= Work to be completed =
Return the full listing word for word, but drop every picture from it.

--

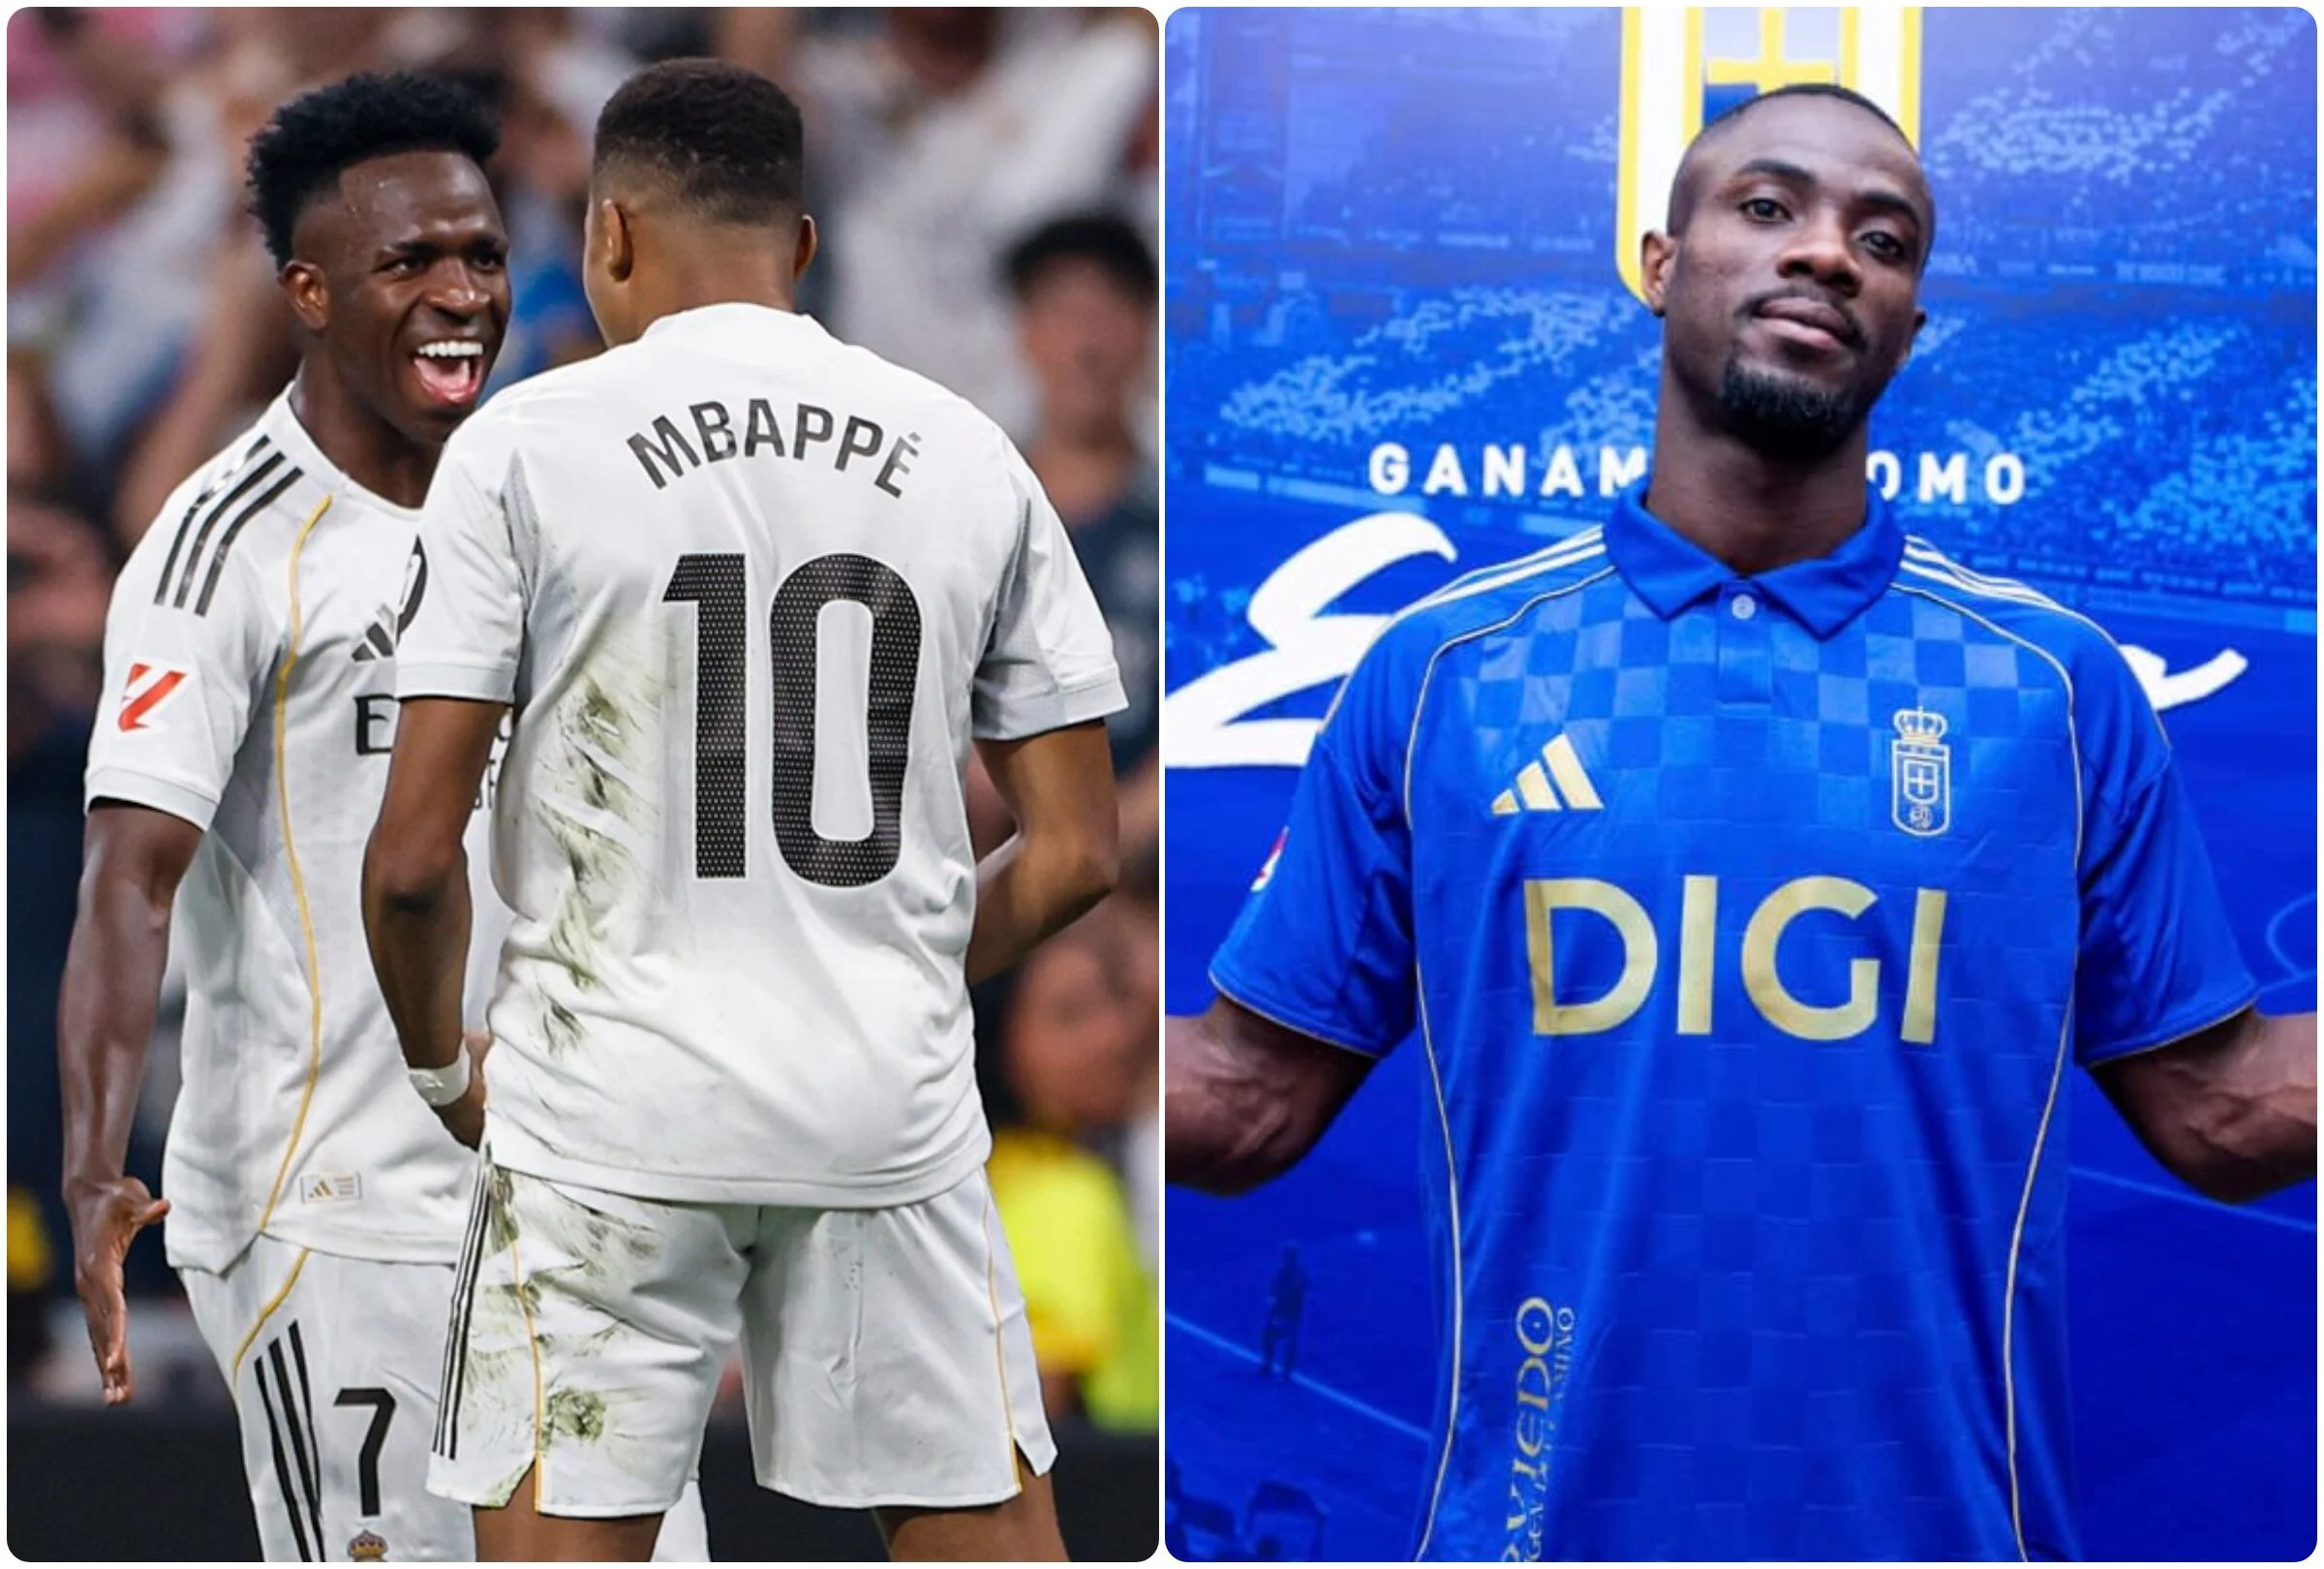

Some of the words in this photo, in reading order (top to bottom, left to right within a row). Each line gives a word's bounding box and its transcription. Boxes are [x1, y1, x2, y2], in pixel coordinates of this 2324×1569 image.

[627, 398, 923, 499] MBAPPÉ
[1368, 442, 1646, 498] GANAM
[1865, 449, 2027, 505] OMO
[661, 552, 923, 889] 10
[1523, 874, 1947, 1045] DIGI
[333, 1387, 397, 1518] 7

--

= Exercise result =
Some of the words in this photo, in reading order (top to bottom, left to right within a row). Each line gives a word's bounding box and its transcription. Boxes are [x1, y1, x2, y2], in pixel coordinates of this 2324×1569 image.

[627, 398, 923, 499] MBAPPÉ
[1368, 442, 1646, 498] GANAM
[1865, 449, 2027, 505] OMO
[661, 552, 923, 889] 10
[1523, 874, 1947, 1045] DIGI
[333, 1387, 397, 1518] 7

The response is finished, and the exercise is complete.